À tout juste 18 ans, Lamine Yamal continue de surprendre l’Europe. En pleine tournée aux États-Unis, l’ailier du FC Barcelone s’est confié longuement à l’émission américaine « 60 Minutes » (CBS).
De son quotidien loin des projecteurs au rêve assumé de disputer la Coupe du monde 2026, le jeune international espagnol dévoile, sans filtre, les contours d’une trajectoire fulgurante, mais étonnamment lucide.
Maroc ou Espagne : un choix assumé
Lamine Yamal ne contourne pas la question. Oui, il a pensé au Maroc. « La sélection venait d’atteindre les demi-finales de la Coupe du monde. » Mais son choix s’est affirmé naturellement : « Je voulais jouer en Europe, gagner un Euro, viser une Coupe du monde. Avec tout l’amour que j’ai pour le Maroc, l’Espagne est mon pays aussi. »
Une vie d’adulte dans un corps d’adolescent
Ses journées commencent encore avec… des cours de conduite. « Je n’ai pas étudié depuis que j’ai quitté l’école », glisse-t-il, mi- amusé, mi- embarrassé. Le code de la route est devenu un nouveau défi. Pas de Lamborghini en vue: « Une Audi ou une Mercedes, ça ira. Tant que mes amis apprécient. »
Sa vie ressemble peu à celle d’un jeune de son âge. « Un garçon de 18 ans finit ses cours et rentre chez lui. Moi je sors de l’entraînement et je trouve des paparazzis devant ma porte », confie-t-il. « Je veux boire quelque chose dehors, mais on m’arrête. Je veux juste jouer à la Play ou manger avec ma mère. Mais je ne serai jamais un adolescent normal. »
Le jeu comme joie, pas comme pression
C’est peut-être ce qui fascine le plus chez Lamine Yamal : sa manière de neutraliser la pression. « La pression, ce sont mes parents quand ils étaient jeunes et devaient soutenir la famille. Ce que je vis n’a rien à voir », affirme-t-il, refusant d’entrer dans la logique de l’attente permanente. « Les attentes des autres ne m’appartiennent pas. Je veux juste profiter. »
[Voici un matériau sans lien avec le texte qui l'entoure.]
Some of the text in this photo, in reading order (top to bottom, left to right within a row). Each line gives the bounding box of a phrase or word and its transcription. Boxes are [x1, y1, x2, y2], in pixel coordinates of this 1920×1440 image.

Pour lui, le football reste un terrain d’amusement. « Quand je joue, c’est le meilleur moment de ma journée. Je veux que les gens prennent du plaisir et que les enfants aient envie d’être comme moi. »
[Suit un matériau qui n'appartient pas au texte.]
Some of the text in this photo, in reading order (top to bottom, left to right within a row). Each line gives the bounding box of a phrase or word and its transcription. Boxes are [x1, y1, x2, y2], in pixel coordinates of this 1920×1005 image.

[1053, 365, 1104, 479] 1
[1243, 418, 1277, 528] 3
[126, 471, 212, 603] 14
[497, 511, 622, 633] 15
Un dribble né de l’instinct
Interrogé sur sa capacité à éliminer plusieurs défenseurs, il répond sans calculs sophistiqués. « J’agis à l’instinct. Même si je vois trois adversaires, je tente. C’est mon jeu. Si je commençais à passer dès que je vois un ou deux défenseurs, je ne serais plus le même joueur. »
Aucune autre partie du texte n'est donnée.